Letter to the editor: Using Social Security to cover debts hasn’t worked
Once again the outcry from the current leadership in Washington is that entitlement programs, which they define as Social Security, Medicare, and Medicaid, are the cause of the growing national debt and they need to be cut.
Let’s be clear. Social Security and Medicare do not contribute to the national debt and Medicaid’s contribution to the debt is limited because it is not an entitlement program — it is a limited, state block-grant program. In regards to Social Security and Medicare, funds come from income taxes specifically earmarked for disbursement to seniors, the disabled, and their survivors. While some legislators say there are more funds going out of Social Security than in, that is not true. According to www.ssa.gov/policy/trust-funds-summary.html, the federal government took in more to Social Security reserves last year than it disbursed and there is still more than $2.9 trillion in reserves, in theory. So why do they say the reserves are depleted? Because the federal government has “borrowed” from the reserves to pay toward the national debt. Now the fund is full of IOUs which don’t earn interest. Using Social Security funds to pay down the debt obviously hasn’t worked because now we have the biggest debt in history and there is nothing left to borrow.
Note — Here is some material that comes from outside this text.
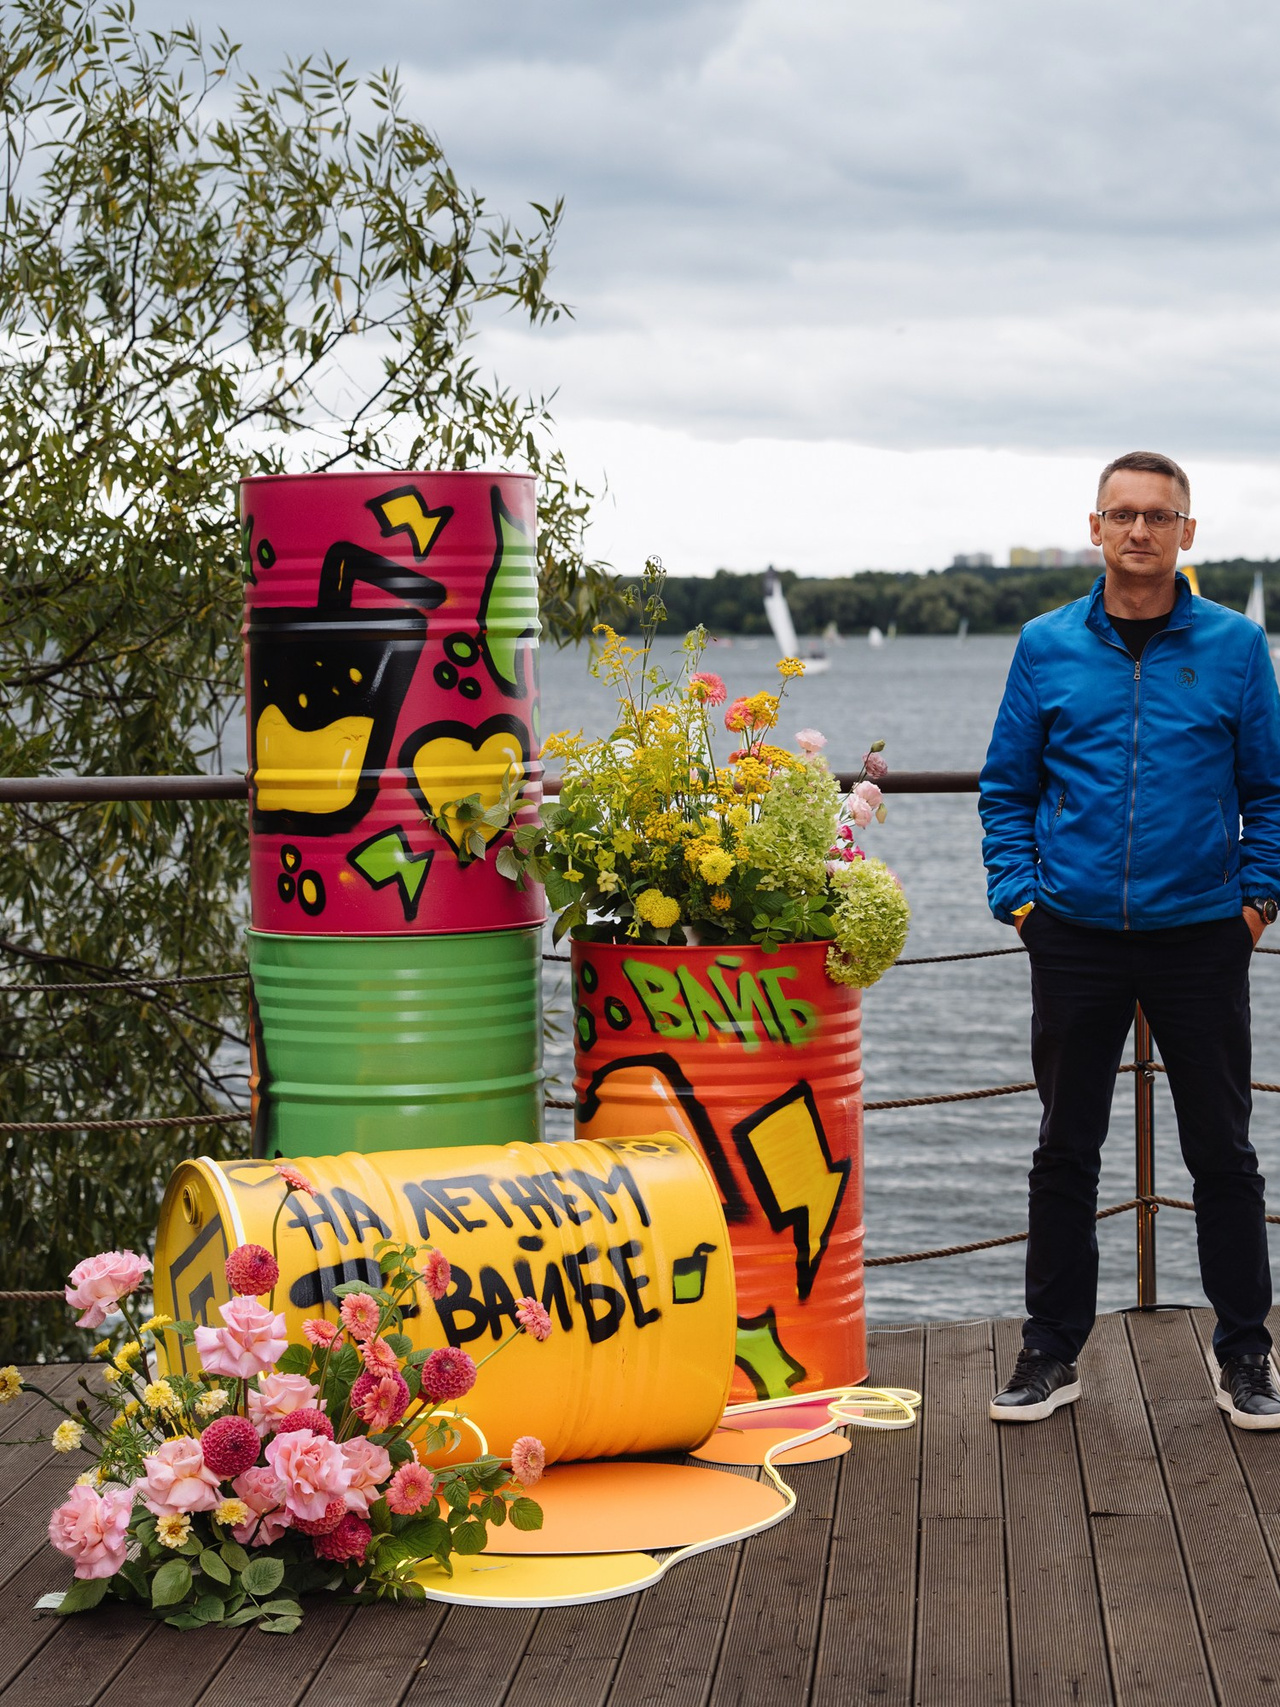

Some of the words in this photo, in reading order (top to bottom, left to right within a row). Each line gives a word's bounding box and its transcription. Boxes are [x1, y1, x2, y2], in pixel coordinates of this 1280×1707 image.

What does increase the national debt? Unchecked spending and tax cuts. The federal government spends much more than it receives in revenue, and the recent tax cuts have reduced revenue even further and have not resulted in increased wages to employees, as sponsors of the tax cuts tried to assure us. These legislators depend on an uninformed electorate that will follow like lemmings to the sea. The fact is that the Baby Boom bubble is reaching retirement age at the same time there is a decrease in younger workers, increasing outlays and decreasing revenue. This would not be a problem if the funds were actually in the reserves.
Blaming these programs for the national debt is unfair. Remember that it was only 83 years ago that our leaders in Washington understood the need for a financial safety net and created Social Security. For many seniors, Social Security provides nearly 90 percent of their retirement income and it is the main source of income for 67 percent of all elderly people. We cannot abandon our most vulnerable population when they need us most.
Don’t be fooled by the current leadership in Washington. We need to rein in spending and have a fair, equitable tax structure that makes the wealthy pay their fair share. Reducing the national debt should not fall on the backs of the vulnerable.